Sterna bergii (Swift tern) 

Geelbeksterretjie [Afrikaans]; Grote kuifstern [Dutch]; Sterne huppée [French]; Eilseeschwalbe [German]; Gaivina-de-bico-amarelo [Portuguese]

Life > Eukaryotes > Opisthokonta > Metazoa (animals) > Bilateria > Deuterostomia > Chordata > Craniata > Vertebrata (vertebrates)  > Gnathostomata (jawed vertebrates) > Teleostomi (teleost fish) > Osteichthyes (bony fish) > Class: Sarcopterygii (lobe-finned fish) > Stegocephalia (terrestrial vertebrates) > Tetrapoda (four-legged vertebrates) > Reptiliomorpha > Amniota > Reptilia (reptiles) > Romeriida > Diapsida > Archosauromorpha > Archosauria > Dinosauria (dinosaurs) > Saurischia > Theropoda (bipedal predatory dinosaurs) > Coelurosauria > Maniraptora > Aves (birds) > Order: Charadriiformes > Family: Laridae > Genus: Sterna

Sterna bergii (Swift tern)  Sterna bergii (Swift tern) 
Swift tern. (photo H. Robertson, Iziko ©] Swift tern, Kleinmond, Western Cape, South Africa. (photo H. Robertson, Iziko ©]

Distribution and habitat

Occurs the coasts of the west-central Pacific, south-east Atlantic, and Indian Oceans. In southern Africa it is common along the entire coastline of the region, generally preferring lagoons, estuaries, coastal islands and exposed ocean beaches.

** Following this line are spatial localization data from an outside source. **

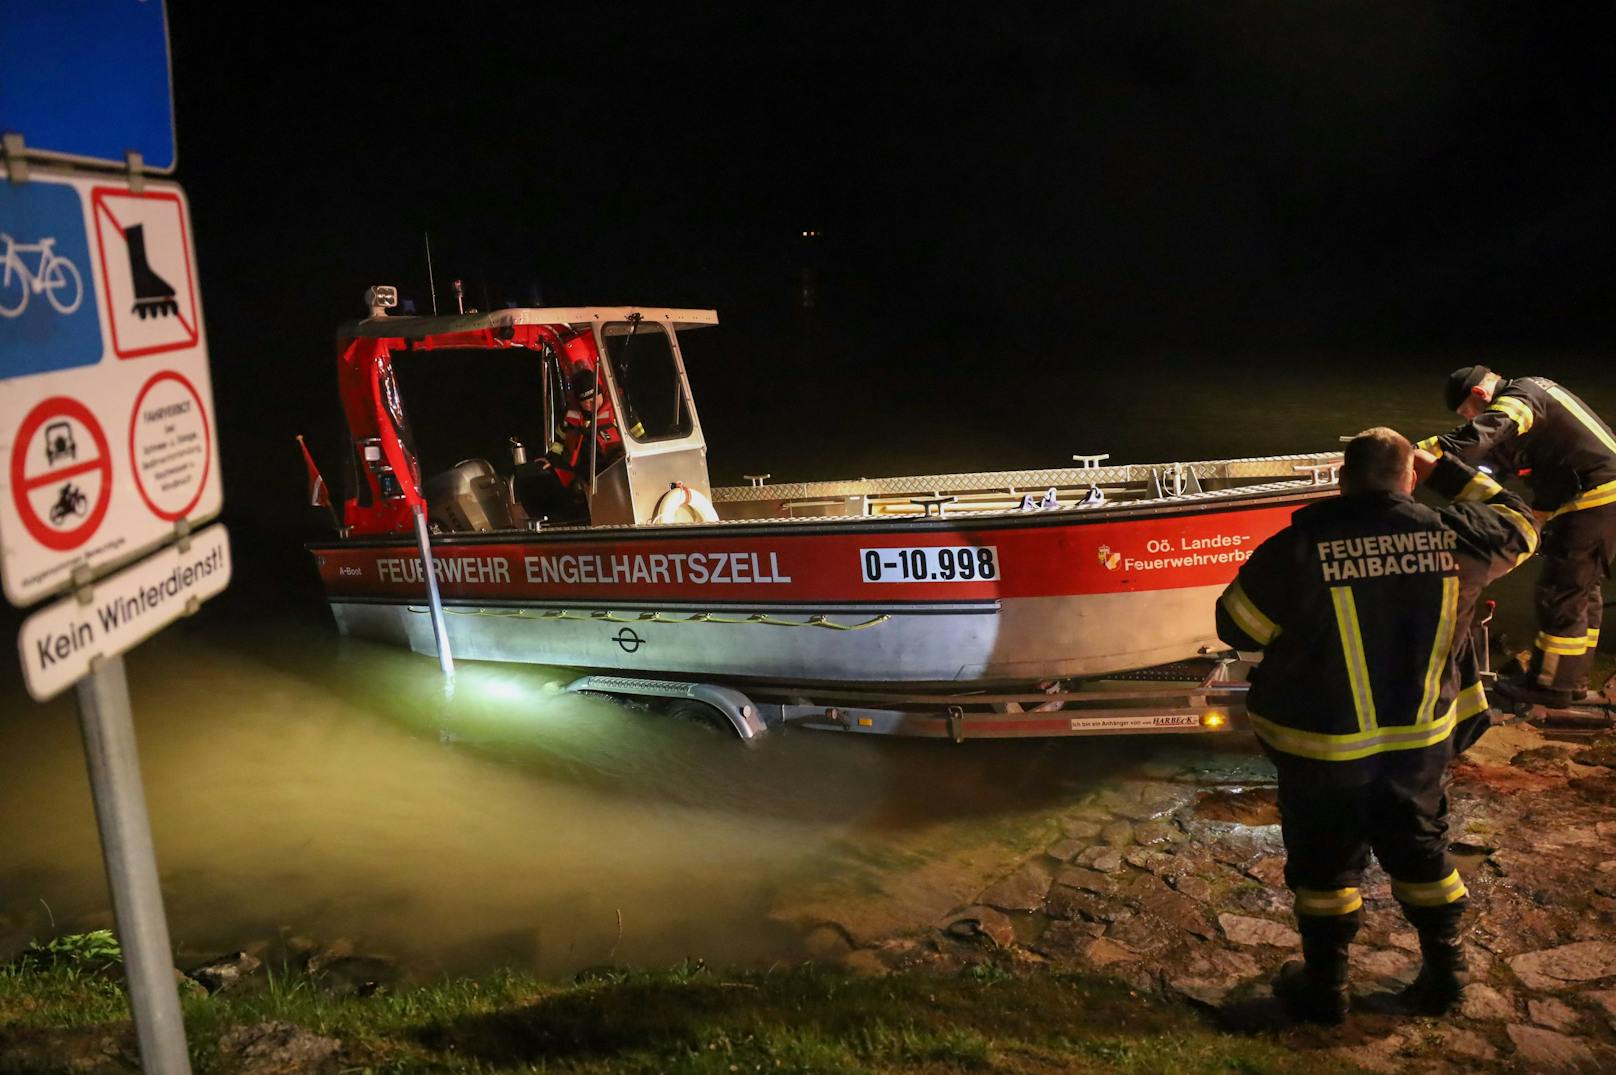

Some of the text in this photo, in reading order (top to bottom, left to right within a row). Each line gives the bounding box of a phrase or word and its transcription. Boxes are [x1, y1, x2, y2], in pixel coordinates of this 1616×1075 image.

[1146, 534, 1251, 553] Oö. Landes-
[1317, 530, 1457, 561] FEUERWEHR
[339, 567, 363, 576] A-Boot
[376, 552, 792, 584] FEUERWEHR ENGELHARTSZELL
[1124, 549, 1254, 571] Feuerwehrverba
[36, 621, 94, 670] Kein
[97, 545, 224, 634] Winterdienst!

Distribution of Swift tern in southern Africa, based on statistical smoothing of the records from first SA Bird Atlas Project (© Animal Demography unit, University of Cape Town; smoothing by Birgit Erni and Francesca Little). Colours range from dark blue (most common) through to yellow (least common). See here for the latest distribution from the SABAP2.  

Predators and parasites

Movements and migrations

After breeding, it departs from the colonies and heads south and east to the coastline of the Indian Ocean, travelling back again at the onset of the following breeding season.


Mainly eats pelagic schooling fish, doing most of its foraging within sight of land, plunge-diving or dipping into the sea to catch prey. The following food items have been recorded in its diet:

  • Fish
    • Engraulis encrasicolus (Anchovy)
    • Sardinops sagax (Sardines)
    • Sufflogobius bibarbatus (Pelagic goby)
    • Merluccius (hakes, usually scavenged)

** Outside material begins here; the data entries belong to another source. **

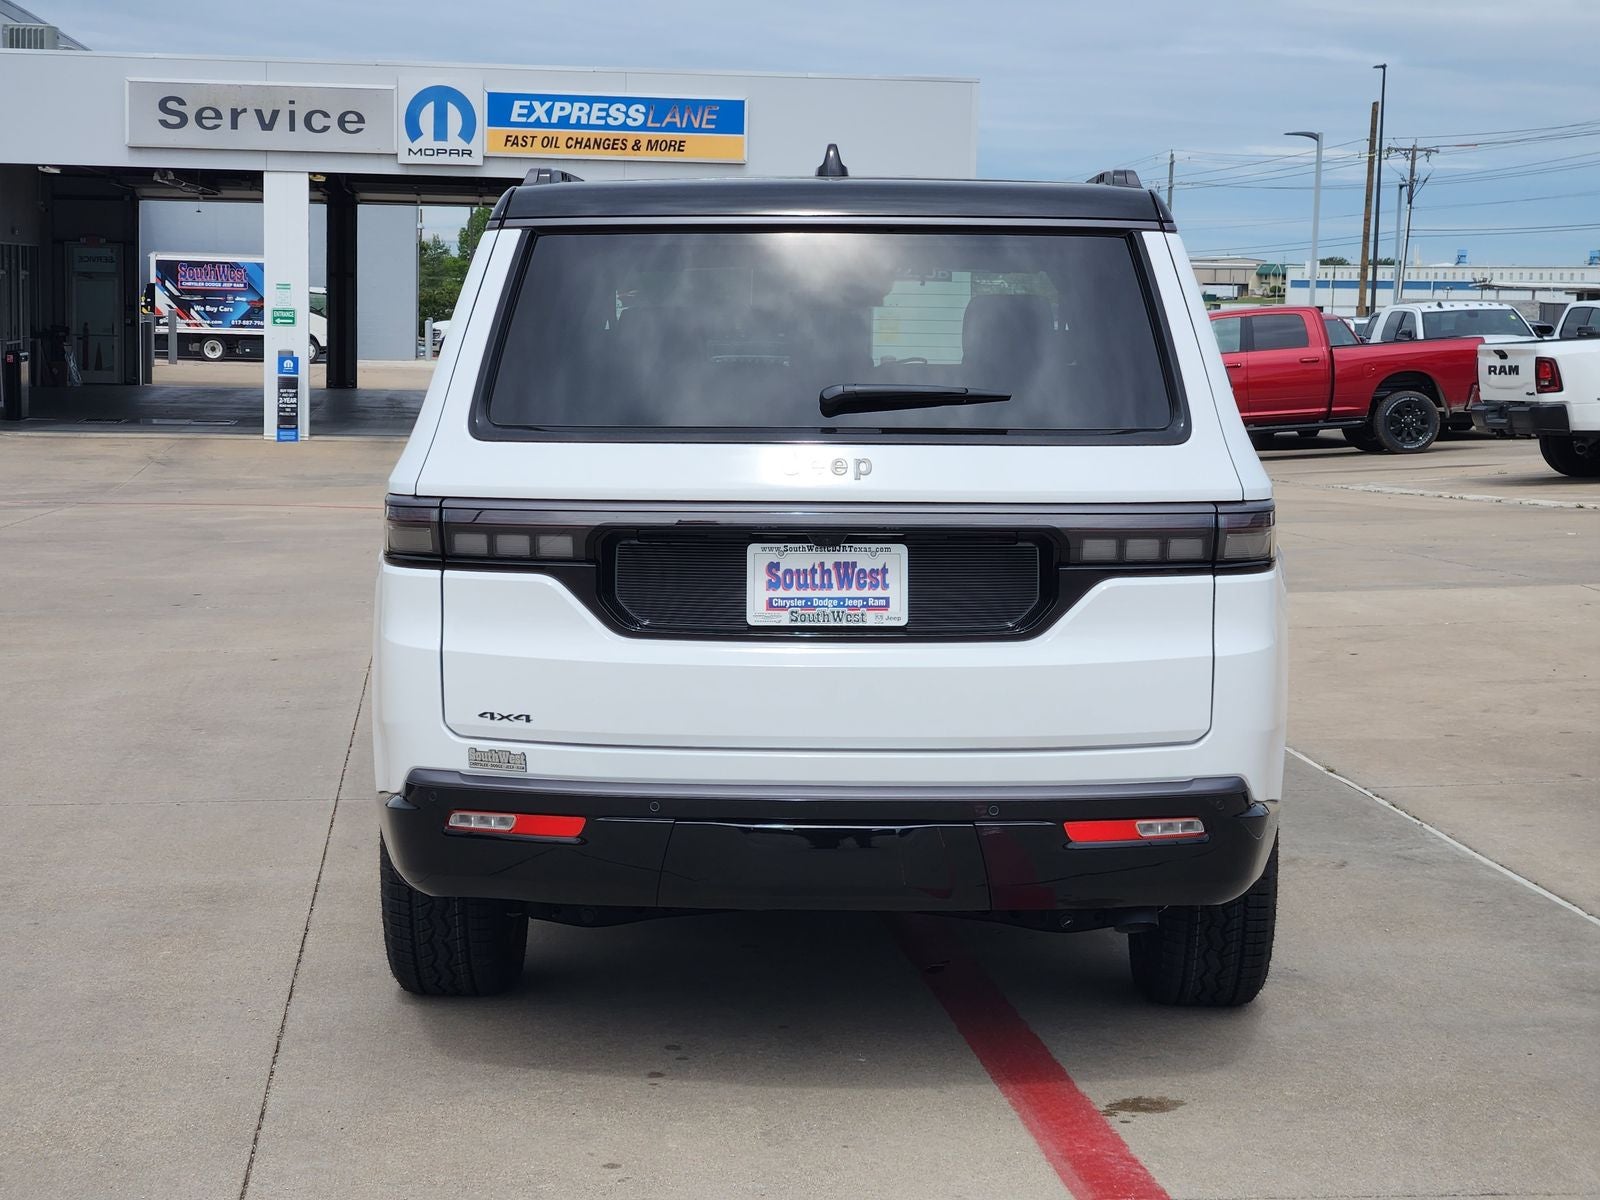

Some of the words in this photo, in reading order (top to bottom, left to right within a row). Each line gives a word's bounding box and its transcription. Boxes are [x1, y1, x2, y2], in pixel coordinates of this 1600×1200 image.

[158, 95, 366, 134] Service
[504, 134, 537, 149] FAST
[541, 135, 561, 149] OIL
[564, 137, 628, 151] CHANGES
[631, 139, 642, 152] &
[645, 139, 686, 152] MORE
[408, 147, 473, 158] MOPAR
[178, 262, 248, 282] SouthWest
[194, 304, 205, 312] We
[206, 305, 218, 313] Buy
[1488, 365, 1520, 376] RAM
[765, 561, 890, 592] SouthWest
[772, 598, 806, 608] Chrysler
[813, 598, 838, 608] Dodge
[844, 599, 863, 608] Jeep
[868, 598, 886, 607] Ram
[789, 609, 867, 624] SouthWest
[478, 711, 533, 723] 4x4
[468, 747, 527, 764] SouthWest

  • Monogamous, usually nesting in colonies of roughly 500-3000 pairs, maintaining a pair bond year round.
  • The nest (see image below) is a shallow scrape in flat, open sand, either unlined or with a thin lining of stones and cuttlefish (Sepia) bones, or alternatively it may use the roof of a building.
Sterna bergii (Swift tern)
Swift tern on nest. [photo Peter Steyn ©]
  • Egg-laying season is from January-September, peaking from February-June.
  • It lays a single egg, rarely two, which is incubated by both sexes for about 21-30 days.
  • The chicks are brooded and fed by both parents, leaving the nest after about three days, after which it forms crèches along with other chicks, fledging at about 38-40 days old and becoming fully independent roughly four months later.


Not threatened, as although some colonies (such as one at Strandfontein Sewage Works, Western Cape) have been abandoned due to predators or bush encroachment, it is still common and widespread.


  • Hockey PAR, Dean WRJ and Ryan PG 2005. Roberts - Birds of southern Africa, VIIth ed. The Trustees of the John Voelcker Bird Book Fund, Cape Town.